(Dataset entries Opens)
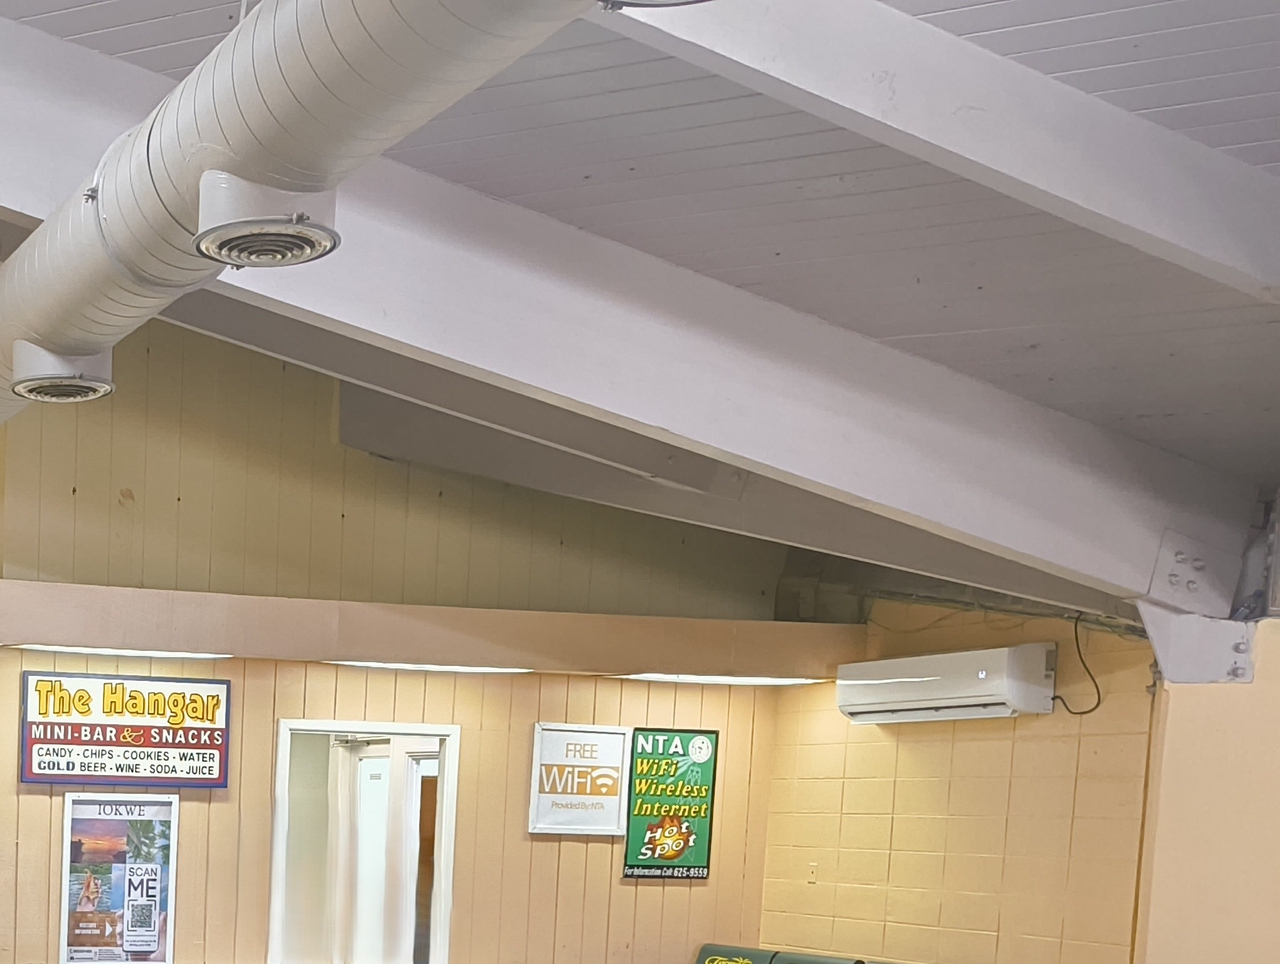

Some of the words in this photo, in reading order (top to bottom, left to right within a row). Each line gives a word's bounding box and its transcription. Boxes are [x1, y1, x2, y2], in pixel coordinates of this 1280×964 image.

[35, 680, 92, 717] The
[103, 682, 221, 726] Hangar
[31, 724, 117, 741] MINI-BAR
[120, 727, 144, 745] &
[150, 728, 223, 745] SNACKS
[565, 743, 598, 760] FREE
[636, 735, 684, 755] NTA
[37, 747, 74, 758] CANDY
[82, 749, 114, 759] CHIPS
[122, 750, 170, 761] COOKIES
[178, 752, 216, 763] WATER
[37, 760, 75, 771] COLD
[79, 761, 107, 772] BEER
[115, 763, 141, 773] WINE
[149, 764, 178, 774] SODA
[185, 765, 215, 776] JUICE
[635, 758, 678, 776] WiFi
[541, 766, 592, 794] WiFi
[634, 779, 708, 798] Wireless
[97, 803, 146, 817] IOKWE
[551, 801, 580, 810] Provided
[633, 799, 708, 817] Internet
[644, 822, 690, 843] Hot
[637, 834, 697, 860] Spot
[128, 867, 158, 877] SCAN
[634, 866, 661, 876] Information
[673, 867, 708, 878] 625-9559
[127, 878, 157, 898] ME
(Dataset entries Closes)
Instructions for the task: The entries above are to be returned exactly, without their pictures.

Reply:
Some of the words in this photo, in reading order (top to bottom, left to right within a row). Each line gives a word's bounding box and its transcription. Boxes are [x1, y1, x2, y2], in pixel coordinates of this 1280×964 image.

[35, 680, 92, 717] The
[103, 682, 221, 726] Hangar
[31, 724, 117, 741] MINI-BAR
[120, 727, 144, 745] &
[150, 728, 223, 745] SNACKS
[565, 743, 598, 760] FREE
[636, 735, 684, 755] NTA
[37, 747, 74, 758] CANDY
[82, 749, 114, 759] CHIPS
[122, 750, 170, 761] COOKIES
[178, 752, 216, 763] WATER
[37, 760, 75, 771] COLD
[79, 761, 107, 772] BEER
[115, 763, 141, 773] WINE
[149, 764, 178, 774] SODA
[185, 765, 215, 776] JUICE
[635, 758, 678, 776] WiFi
[541, 766, 592, 794] WiFi
[634, 779, 708, 798] Wireless
[97, 803, 146, 817] IOKWE
[551, 801, 580, 810] Provided
[633, 799, 708, 817] Internet
[644, 822, 690, 843] Hot
[637, 834, 697, 860] Spot
[128, 867, 158, 877] SCAN
[634, 866, 661, 876] Information
[673, 867, 708, 878] 625-9559
[127, 878, 157, 898] ME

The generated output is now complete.